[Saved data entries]
=== Begin Enclosure ===
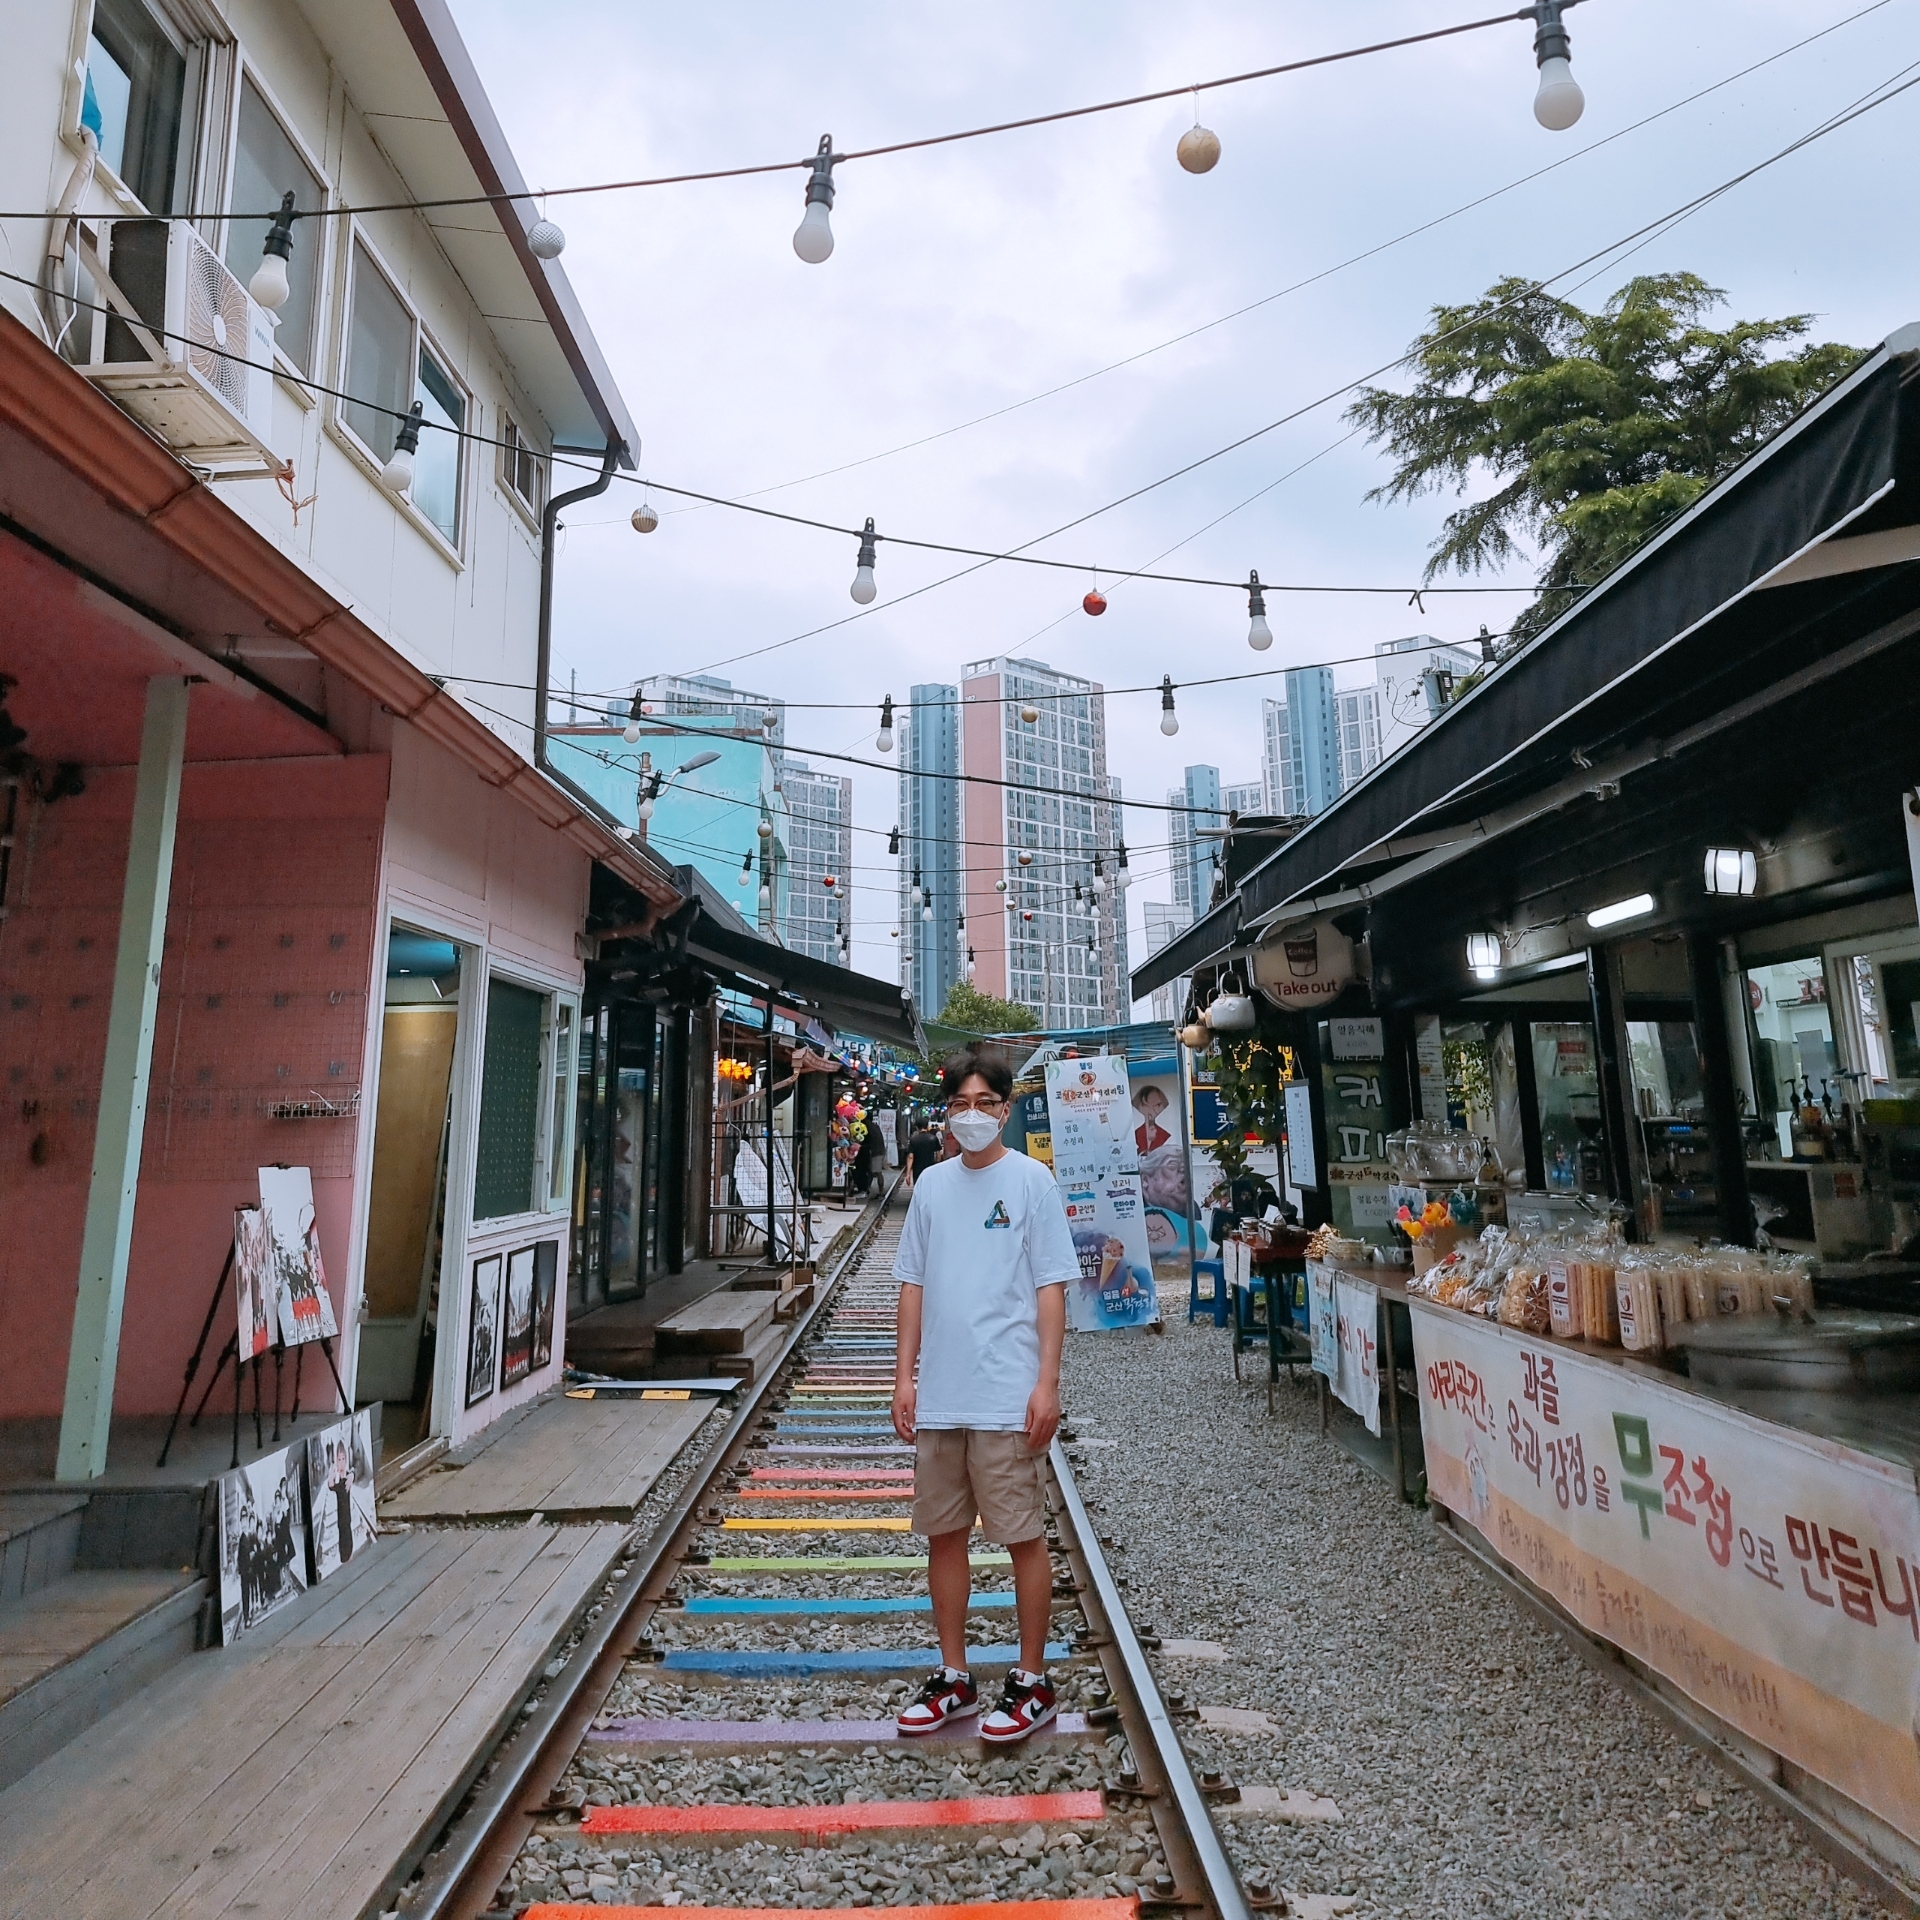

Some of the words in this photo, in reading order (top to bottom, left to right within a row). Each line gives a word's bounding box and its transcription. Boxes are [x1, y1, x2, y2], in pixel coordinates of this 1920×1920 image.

[1287, 944, 1315, 956] Coffee
[1273, 981, 1309, 996] Take
[1310, 979, 1339, 994] out
[841, 1040, 867, 1054] LED
[1102, 1289, 1120, 1300] 얼음
[1106, 1302, 1123, 1313] 군산
[1520, 1351, 1560, 1426] 과즐
[1507, 1399, 1542, 1489] 유과
[1785, 1514, 1920, 1645] 만듭니
=== End Enclosure ===
TASK ITEM:
Output each record above exactly; omit the images.

OUTPUT:
Some of the words in this photo, in reading order (top to bottom, left to right within a row). Each line gives a word's bounding box and its transcription. Boxes are [x1, y1, x2, y2], in pixel coordinates of this 1920×1920 image.

[1287, 944, 1315, 956] Coffee
[1273, 981, 1309, 996] Take
[1310, 979, 1339, 994] out
[841, 1040, 867, 1054] LED
[1102, 1289, 1120, 1300] 얼음
[1106, 1302, 1123, 1313] 군산
[1520, 1351, 1560, 1426] 과즐
[1507, 1399, 1542, 1489] 유과
[1785, 1514, 1920, 1645] 만듭니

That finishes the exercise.